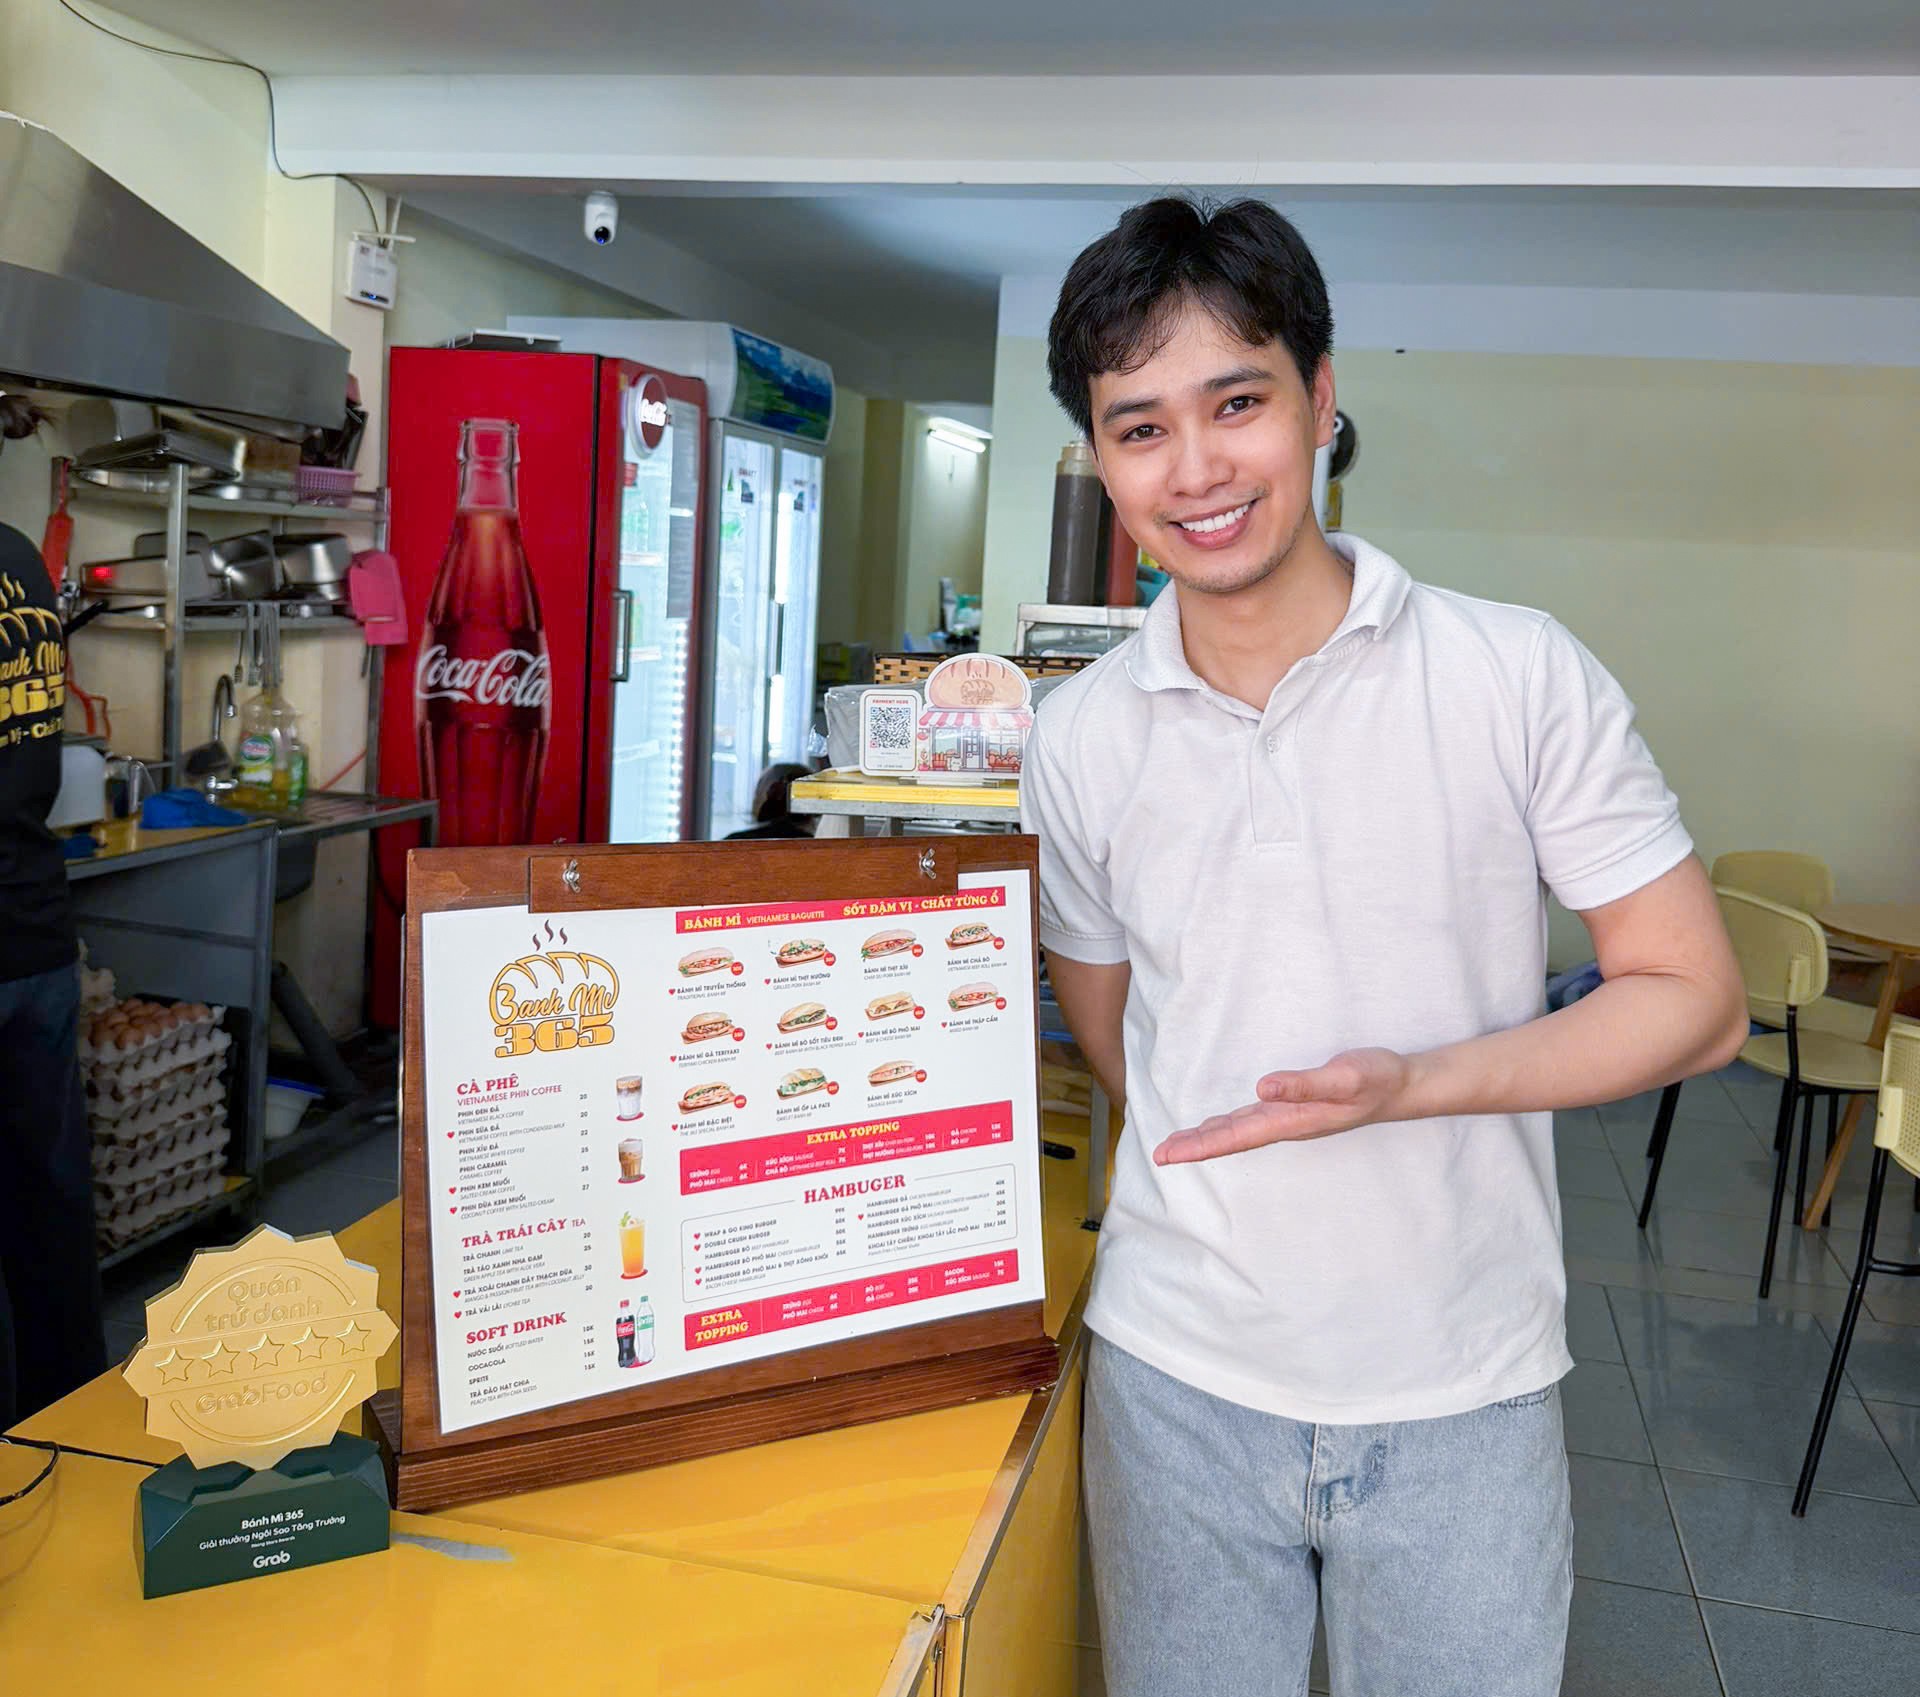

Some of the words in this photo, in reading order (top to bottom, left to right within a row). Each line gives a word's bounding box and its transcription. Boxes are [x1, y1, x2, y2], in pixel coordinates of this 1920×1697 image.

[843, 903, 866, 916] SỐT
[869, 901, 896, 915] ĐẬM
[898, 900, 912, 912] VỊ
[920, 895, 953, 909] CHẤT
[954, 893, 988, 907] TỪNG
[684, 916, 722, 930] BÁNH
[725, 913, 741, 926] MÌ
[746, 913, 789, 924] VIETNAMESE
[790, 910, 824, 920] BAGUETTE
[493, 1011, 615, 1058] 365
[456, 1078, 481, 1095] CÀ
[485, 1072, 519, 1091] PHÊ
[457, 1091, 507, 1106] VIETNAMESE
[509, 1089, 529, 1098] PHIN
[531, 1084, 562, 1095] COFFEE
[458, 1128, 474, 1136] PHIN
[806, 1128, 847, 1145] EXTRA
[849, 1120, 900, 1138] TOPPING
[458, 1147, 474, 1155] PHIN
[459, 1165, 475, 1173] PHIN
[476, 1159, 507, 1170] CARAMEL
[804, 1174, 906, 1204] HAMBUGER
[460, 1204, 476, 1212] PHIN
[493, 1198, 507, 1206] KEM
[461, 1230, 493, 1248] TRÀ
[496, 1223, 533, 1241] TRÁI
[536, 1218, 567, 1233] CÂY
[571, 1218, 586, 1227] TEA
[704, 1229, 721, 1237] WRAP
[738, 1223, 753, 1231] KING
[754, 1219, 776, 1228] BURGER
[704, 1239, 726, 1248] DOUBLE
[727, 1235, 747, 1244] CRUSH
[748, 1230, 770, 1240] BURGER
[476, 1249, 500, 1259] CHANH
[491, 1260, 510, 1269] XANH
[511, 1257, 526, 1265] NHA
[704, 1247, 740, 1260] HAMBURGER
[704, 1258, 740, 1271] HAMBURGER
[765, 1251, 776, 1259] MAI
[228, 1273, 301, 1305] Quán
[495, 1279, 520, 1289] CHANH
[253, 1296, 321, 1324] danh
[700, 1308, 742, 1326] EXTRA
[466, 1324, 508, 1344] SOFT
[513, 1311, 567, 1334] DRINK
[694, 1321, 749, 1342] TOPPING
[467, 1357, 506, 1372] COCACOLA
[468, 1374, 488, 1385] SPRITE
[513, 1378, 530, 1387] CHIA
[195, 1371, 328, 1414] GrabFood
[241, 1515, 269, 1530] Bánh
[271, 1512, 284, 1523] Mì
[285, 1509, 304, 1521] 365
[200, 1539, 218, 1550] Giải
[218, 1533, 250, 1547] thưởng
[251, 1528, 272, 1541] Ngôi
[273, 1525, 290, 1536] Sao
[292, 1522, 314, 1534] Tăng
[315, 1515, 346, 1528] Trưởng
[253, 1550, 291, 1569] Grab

● ● ●

EXERCISE DESCRIPTION:
With the pictures omitted, the entries are to be transcribed in full, exactly as they appear.

EXERCISE RESULT:
Some of the words in this photo, in reading order (top to bottom, left to right within a row). Each line gives a word's bounding box and its transcription. Boxes are [x1, y1, x2, y2], in pixel coordinates of this 1920×1697 image.

[843, 903, 866, 916] SỐT
[869, 901, 896, 915] ĐẬM
[898, 900, 912, 912] VỊ
[920, 895, 953, 909] CHẤT
[954, 893, 988, 907] TỪNG
[684, 916, 722, 930] BÁNH
[725, 913, 741, 926] MÌ
[746, 913, 789, 924] VIETNAMESE
[790, 910, 824, 920] BAGUETTE
[493, 1011, 615, 1058] 365
[456, 1078, 481, 1095] CÀ
[485, 1072, 519, 1091] PHÊ
[457, 1091, 507, 1106] VIETNAMESE
[509, 1089, 529, 1098] PHIN
[531, 1084, 562, 1095] COFFEE
[458, 1128, 474, 1136] PHIN
[806, 1128, 847, 1145] EXTRA
[849, 1120, 900, 1138] TOPPING
[458, 1147, 474, 1155] PHIN
[459, 1165, 475, 1173] PHIN
[476, 1159, 507, 1170] CARAMEL
[804, 1174, 906, 1204] HAMBUGER
[460, 1204, 476, 1212] PHIN
[493, 1198, 507, 1206] KEM
[461, 1230, 493, 1248] TRÀ
[496, 1223, 533, 1241] TRÁI
[536, 1218, 567, 1233] CÂY
[571, 1218, 586, 1227] TEA
[704, 1229, 721, 1237] WRAP
[738, 1223, 753, 1231] KING
[754, 1219, 776, 1228] BURGER
[704, 1239, 726, 1248] DOUBLE
[727, 1235, 747, 1244] CRUSH
[748, 1230, 770, 1240] BURGER
[476, 1249, 500, 1259] CHANH
[491, 1260, 510, 1269] XANH
[511, 1257, 526, 1265] NHA
[704, 1247, 740, 1260] HAMBURGER
[704, 1258, 740, 1271] HAMBURGER
[765, 1251, 776, 1259] MAI
[228, 1273, 301, 1305] Quán
[495, 1279, 520, 1289] CHANH
[253, 1296, 321, 1324] danh
[700, 1308, 742, 1326] EXTRA
[466, 1324, 508, 1344] SOFT
[513, 1311, 567, 1334] DRINK
[694, 1321, 749, 1342] TOPPING
[467, 1357, 506, 1372] COCACOLA
[468, 1374, 488, 1385] SPRITE
[513, 1378, 530, 1387] CHIA
[195, 1371, 328, 1414] GrabFood
[241, 1515, 269, 1530] Bánh
[271, 1512, 284, 1523] Mì
[285, 1509, 304, 1521] 365
[200, 1539, 218, 1550] Giải
[218, 1533, 250, 1547] thưởng
[251, 1528, 272, 1541] Ngôi
[273, 1525, 290, 1536] Sao
[292, 1522, 314, 1534] Tăng
[315, 1515, 346, 1528] Trưởng
[253, 1550, 291, 1569] Grab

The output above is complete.